Life at Manzanar
Japanese Americans behind barbed wire
Alex Q. Arbuckle
1943
We had about one week to dispose of what we owned, except what we could pack and carry for our departure by bus…for Manzanar. - William Hohri
Following the Japanese attack on Pearl Harbor Dec. 7, 1941, U.S. President Franklin D. Roosevelt signed Executive Order 9066, empowering the Secretary of War to designate parts of the country as military zones and exclude people from them as he saw fit.The result: Approximately 120,000 Japanese Americans living on the west coast were rounded up and relocated, forced to abandon their homes, businesses and possessions. Two-thirds were natural born American citizens.They were “evacuated” to “relocation centers” (polite euphemisms for concentration camps), 10 of which were built across seven western states. The most notorious camp was Manzanar, built at the foot of the Sierra Nevada mountain range 230 miles northeast of Los Angeles. At its peak, over 10,000 people were interned in the 500-acre camp, enclosed by barbed wire, guard towers and armed military police. Conditions at the camp were unforgiving. Daytime temperatures could reach 110 degrees, while nights could be freezing. Dust and wind were constant, and the crude barracks provided poor shelter. Within these barracks, each family was allotted a 20-by-25-foot cloth partition. Most of the internees resolved to make the best of their situation, by attempting to create some semblance of normalcy for their indefinite detention. Some built all the facilities and trappings necessary to maintain a community of 10,000.
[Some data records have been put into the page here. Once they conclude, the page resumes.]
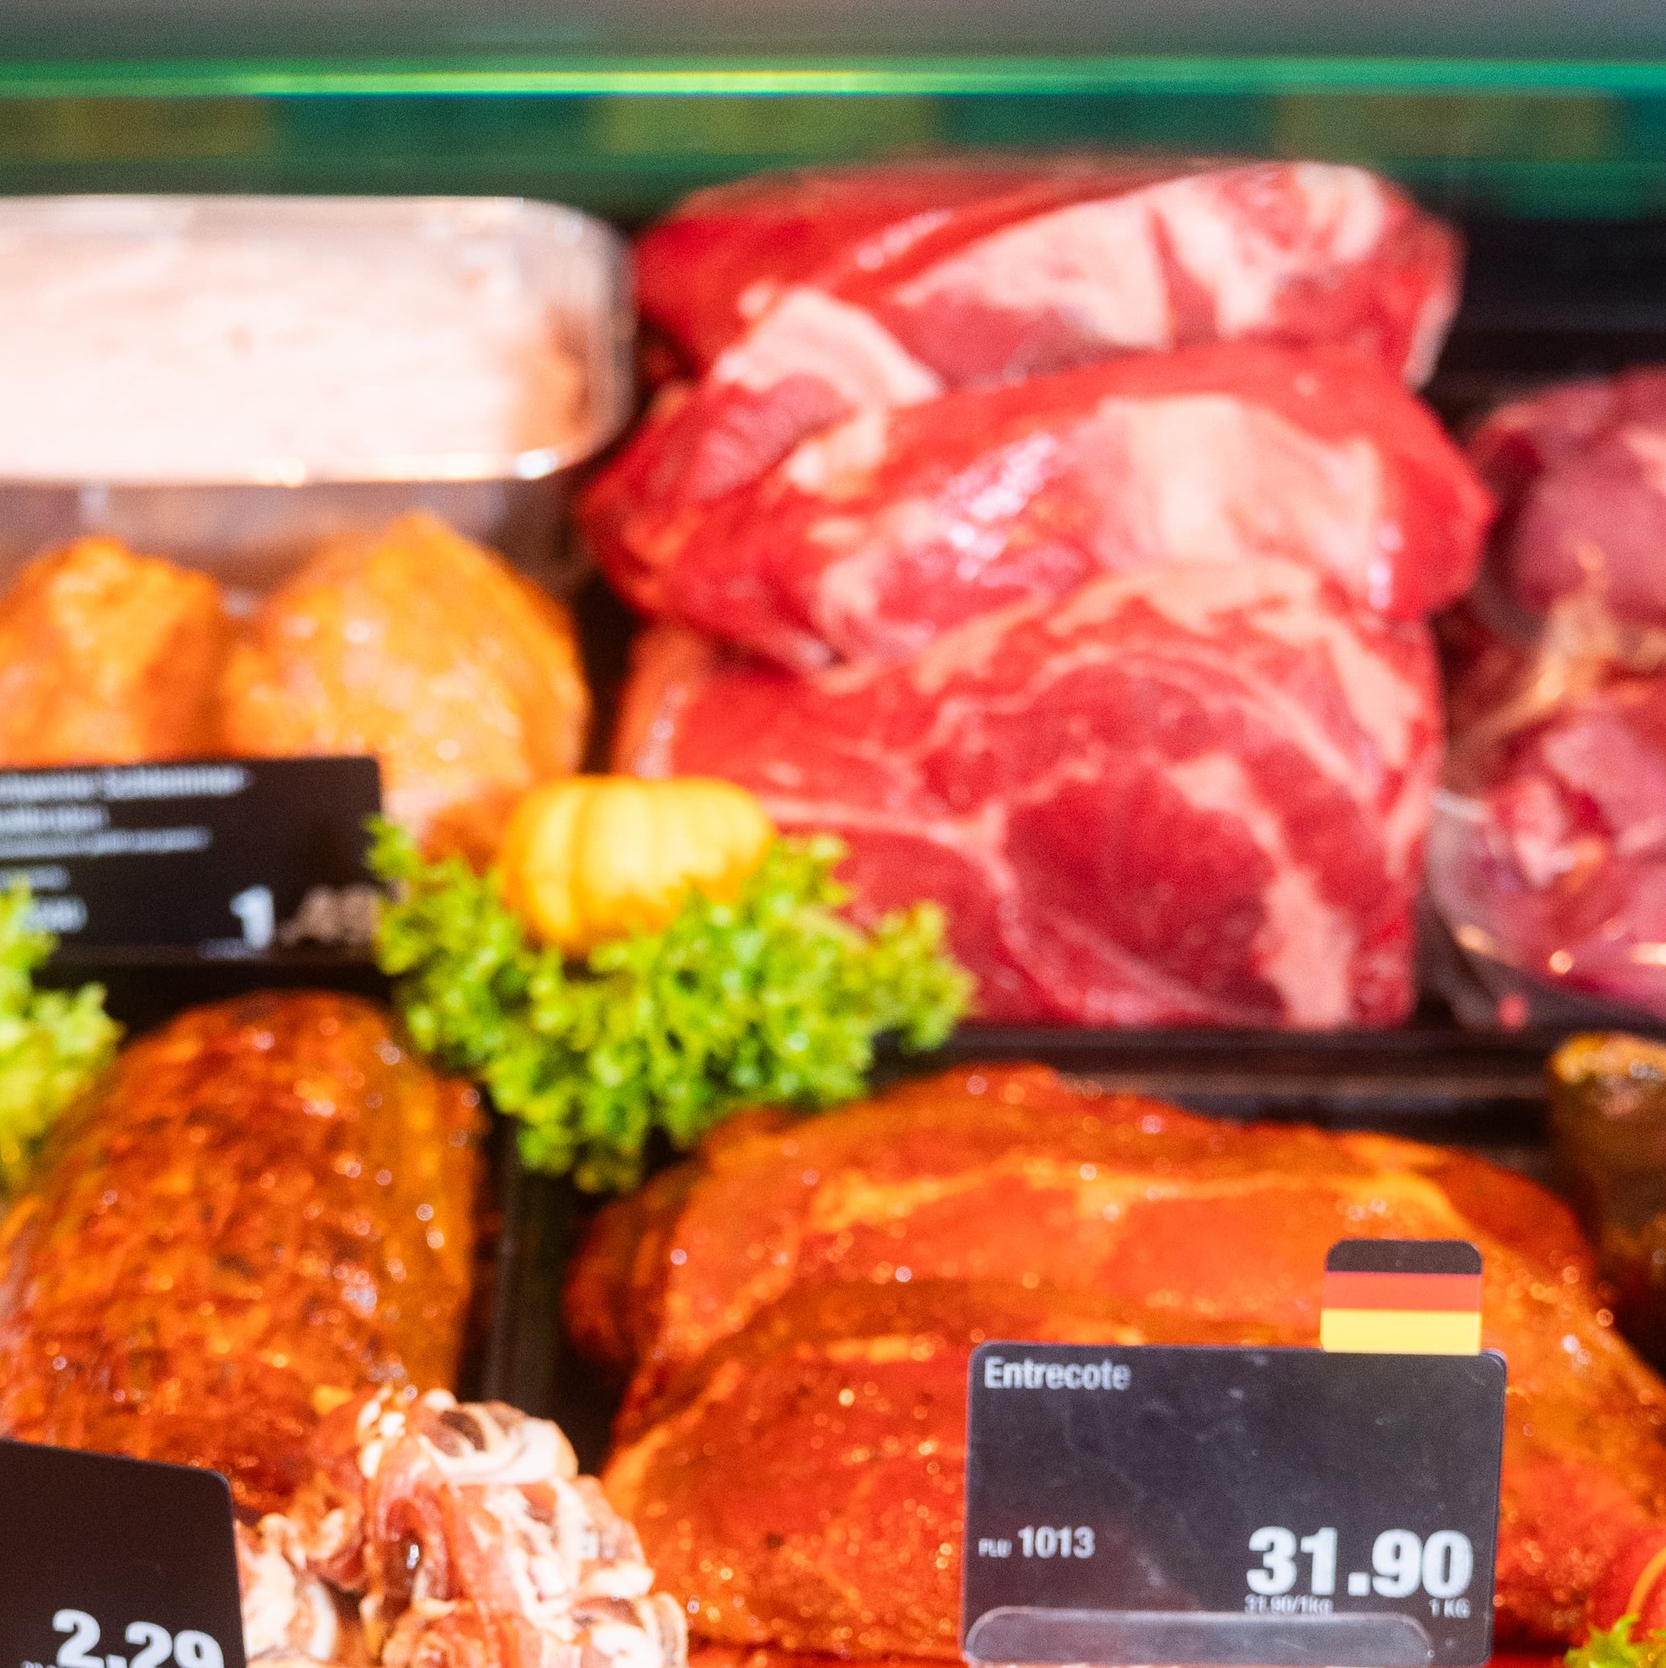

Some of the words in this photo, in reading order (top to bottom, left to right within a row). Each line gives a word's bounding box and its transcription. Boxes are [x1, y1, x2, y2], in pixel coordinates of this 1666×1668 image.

[985, 1355, 1130, 1391] Entrecote
[1018, 1525, 1096, 1559] 1013
[1246, 1526, 1474, 1598] 31.90
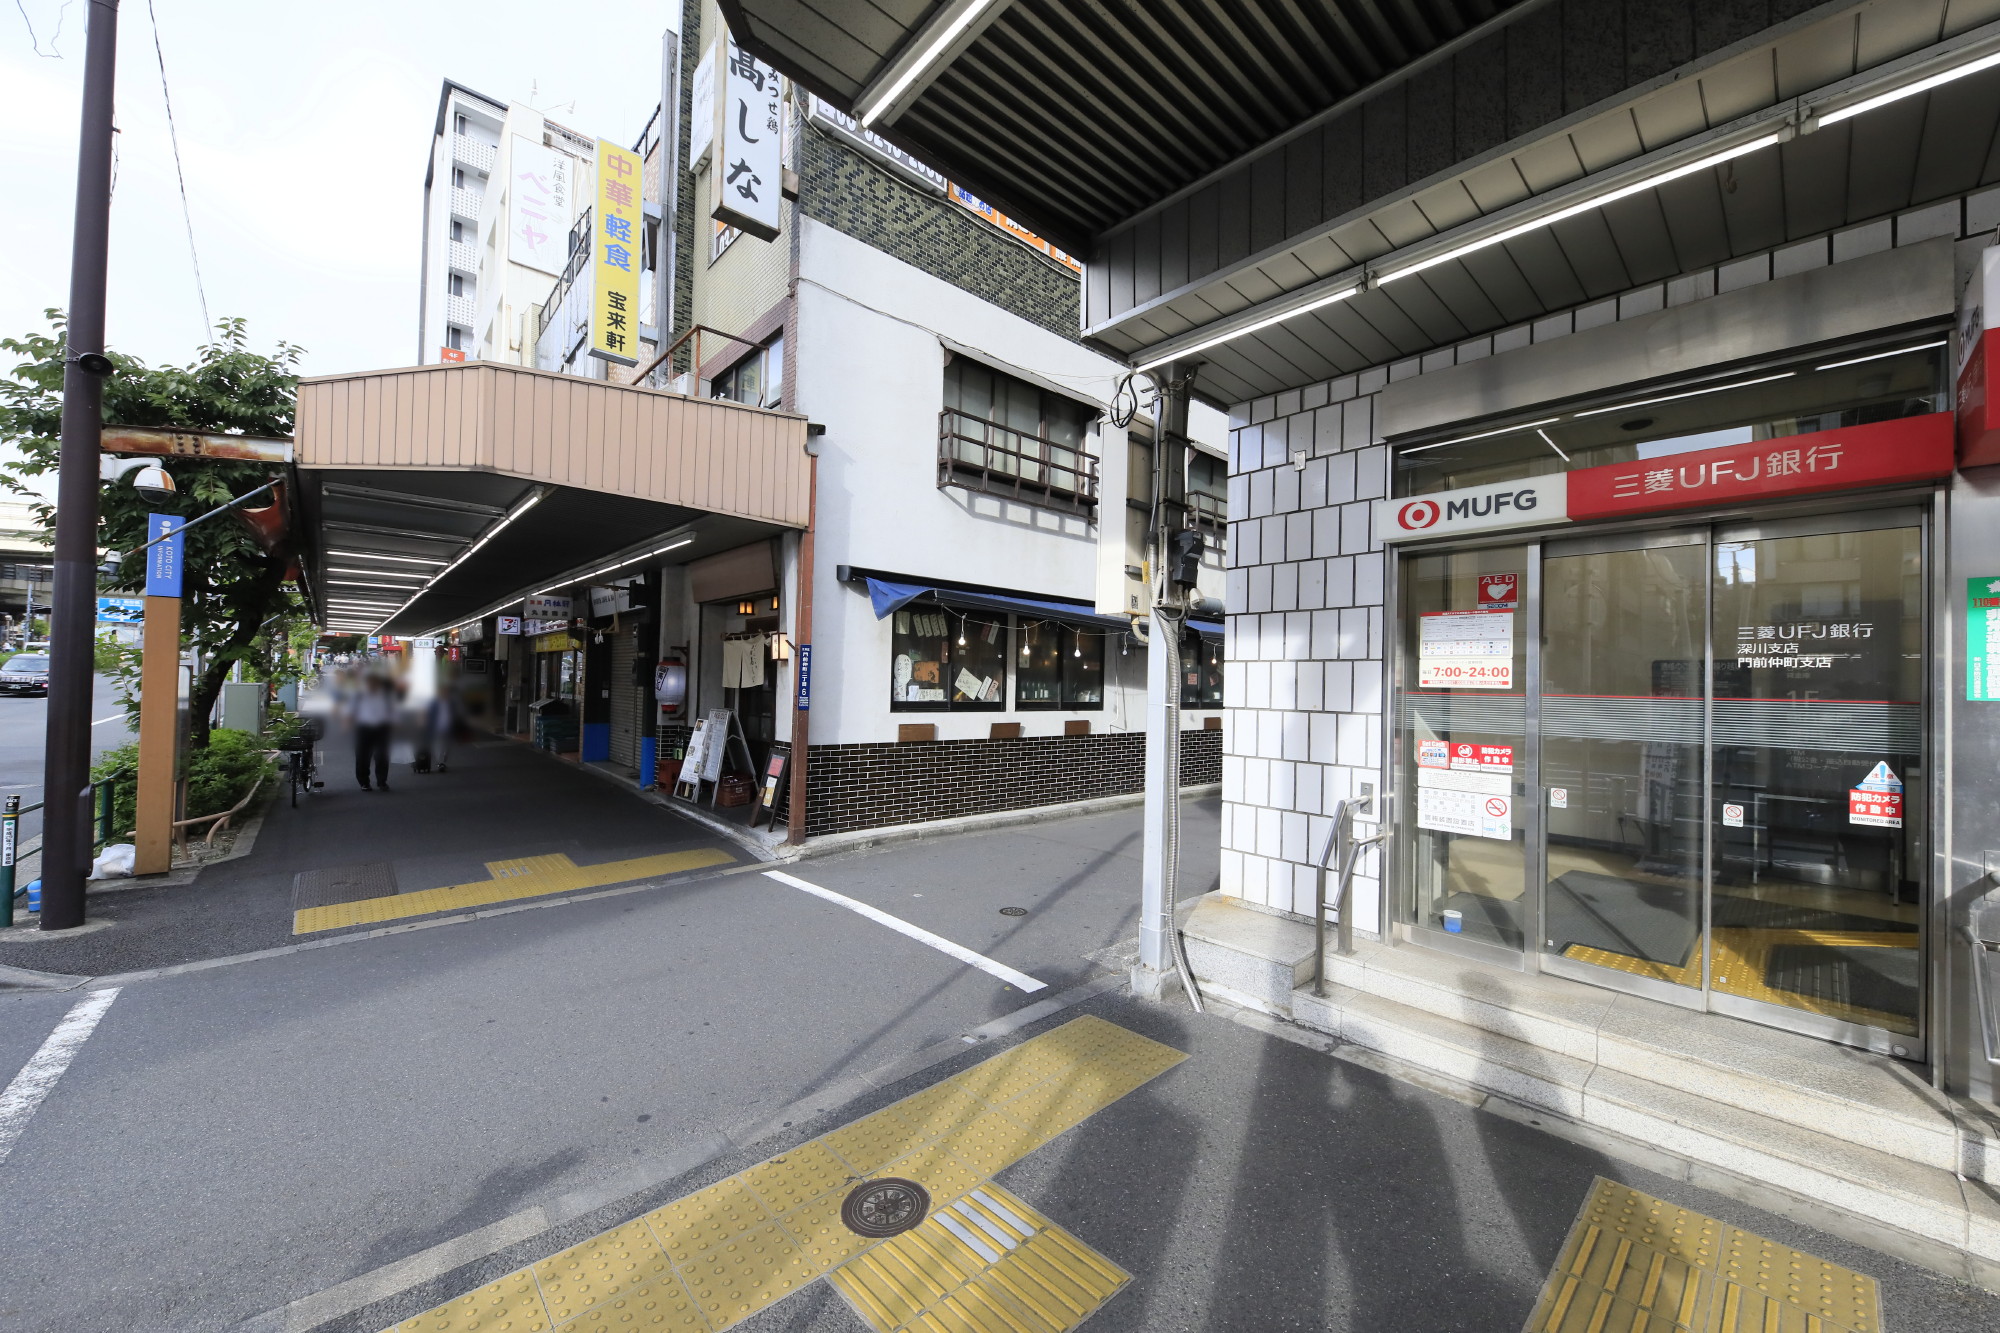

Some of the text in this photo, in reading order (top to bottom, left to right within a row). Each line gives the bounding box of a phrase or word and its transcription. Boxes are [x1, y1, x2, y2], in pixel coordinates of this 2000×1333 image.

[553, 157, 566, 208] 洋風食堂
[517, 171, 552, 250] ベニヤ
[604, 154, 633, 272] 中華・軽食
[606, 290, 627, 352] 宝来軒
[1612, 443, 1844, 498] 三菱UFJ銀行
[1447, 489, 1537, 521] MUFG
[165, 546, 174, 580] KOTO CITY
[1481, 574, 1515, 585] AED
[1737, 622, 1874, 640] 三菱UFJ銀行
[1737, 642, 1800, 655] 深川支店
[1737, 656, 1832, 669] 門前仲町支店
[801, 688, 807, 696] 6
[1481, 746, 1512, 756] 防犯カメラ
[1483, 755, 1510, 765] 作動中
[1850, 792, 1901, 804] 防犯カメラ
[1855, 803, 1896, 816] 作動中
[1851, 816, 1884, 824] MONITORED
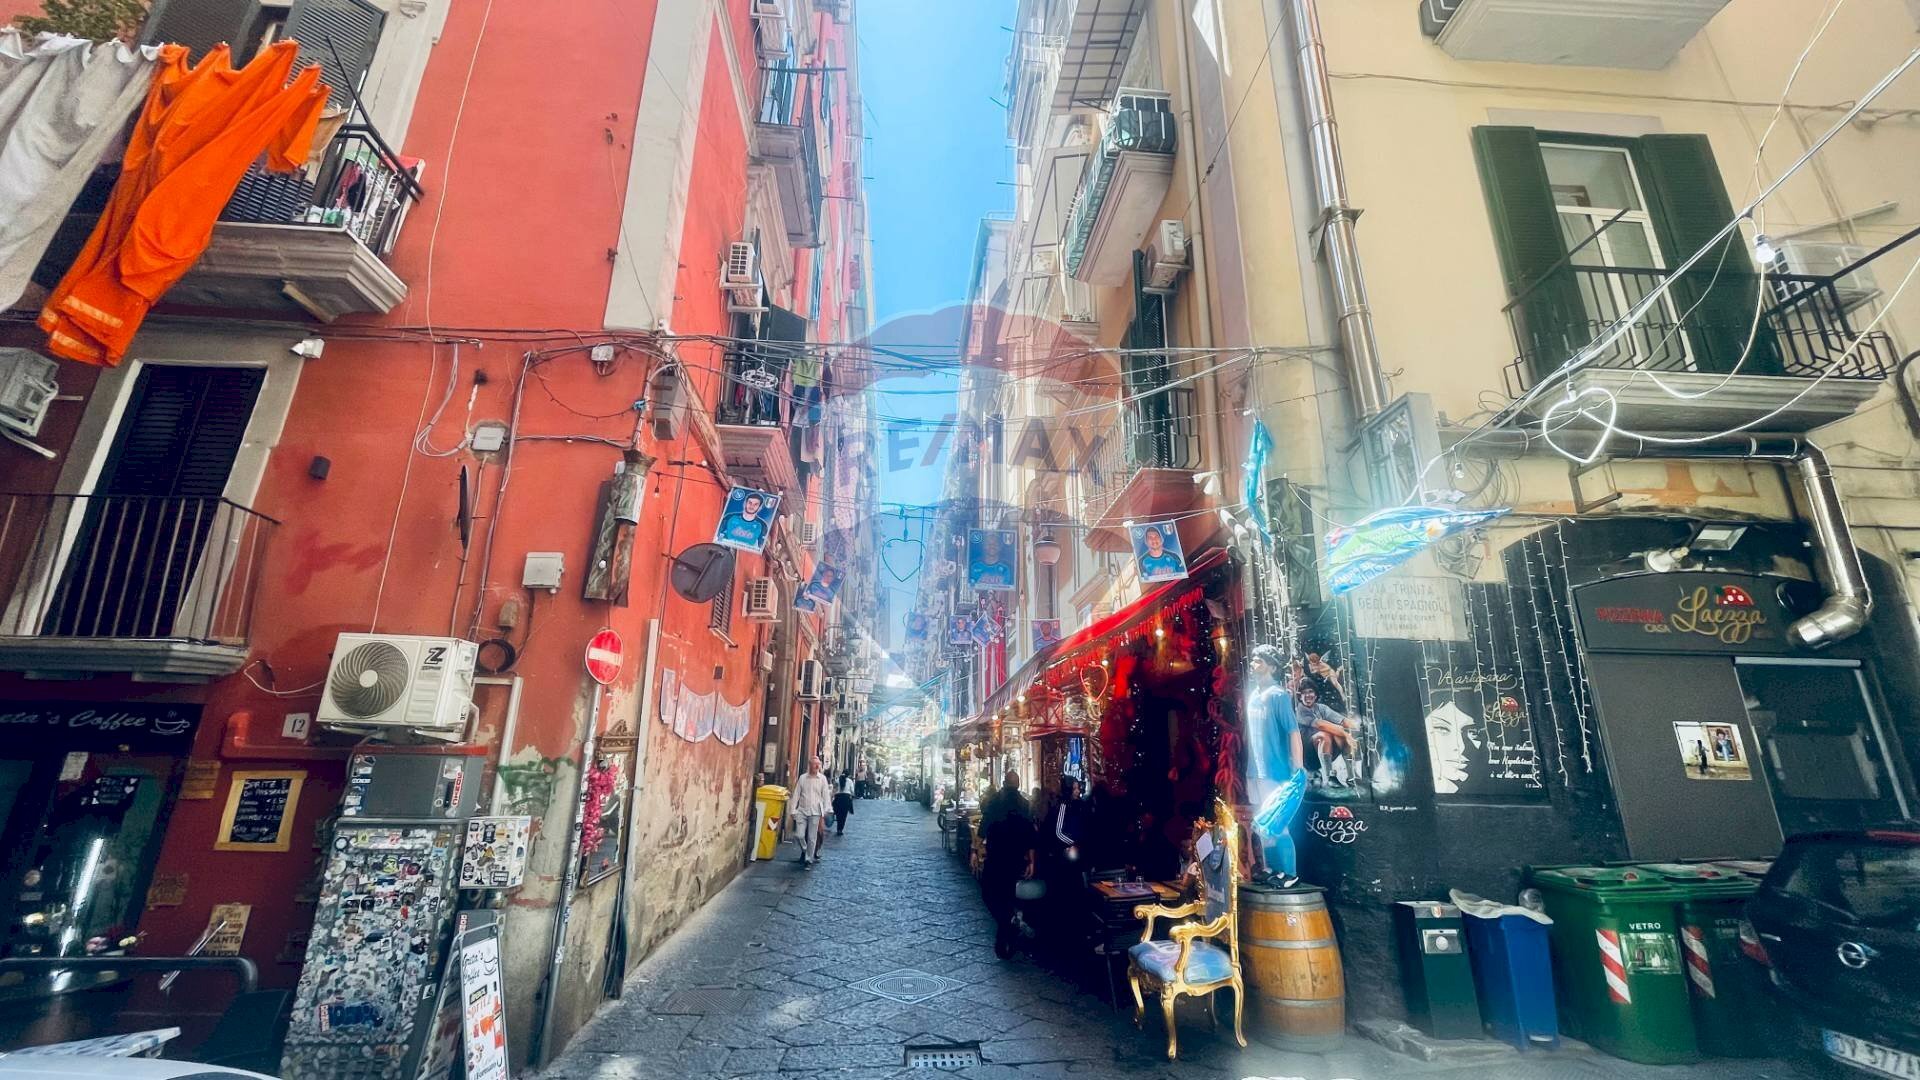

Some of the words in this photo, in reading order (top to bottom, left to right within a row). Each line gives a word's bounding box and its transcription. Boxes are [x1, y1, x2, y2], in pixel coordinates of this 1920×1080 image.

[1671, 586, 1767, 644] Laezza
[68, 710, 146, 731] Coffee
[1306, 811, 1369, 844] Laezza
[1628, 922, 1662, 931] VETRO
In 1943, legendary photographer Ansel Adams was offered the chance to photograph Manzanar by his friend Ralph Merritt, who ran the camp. He welcomed the chance to document what he considered an outrage. (His family’s longtime employee and friend Harry Oye had been sent to a camp in Missouri.)While at Manzanar, Adams documented the resiliency and determination of the internees, capturing their daily lives, occupations and pastimes. The photos were released in a 1944 book which sought to cast those trapped at Manzanar as patriotic Americans waylaid by circumstances beyond their control.
There were no crimes committed, no trials, and no convictions: the Japanese Americans were political incarcerees. - Dr. James Hirabayashi
One of the hardest things to endure was the communal latrines, with no partitions; and showers with no stalls. - Rosie Kakuuchi
Nothing is more permanent about Manzanar than the dust which has lodged on its tar-papered barracks, except the indelible impression incised on the lives of thousands of its inhabitants. - Ansel Adams
The broad concepts of American citizenship, and of liberal, democratic life the world over, must be protected in the prosecution of the war, and sustained in the building of the peace to come. - Ansel Adams
Manzanar was finally closed and its inhabitants released in November 1945. One hundred and forty-six internees died while at the camp.In the 1960s, a movement began among Japanese Americans petitioning the government for redress. In 1988, Congress passed legislation apologizing for the "race prejudice, war hysteria and a failure of political leadership" which caused the internments, and called for the disbursement of reparations to the victims.The survivors and heirs of survivors ultimately received $1.6 billion as redress for their unconstitutional internment.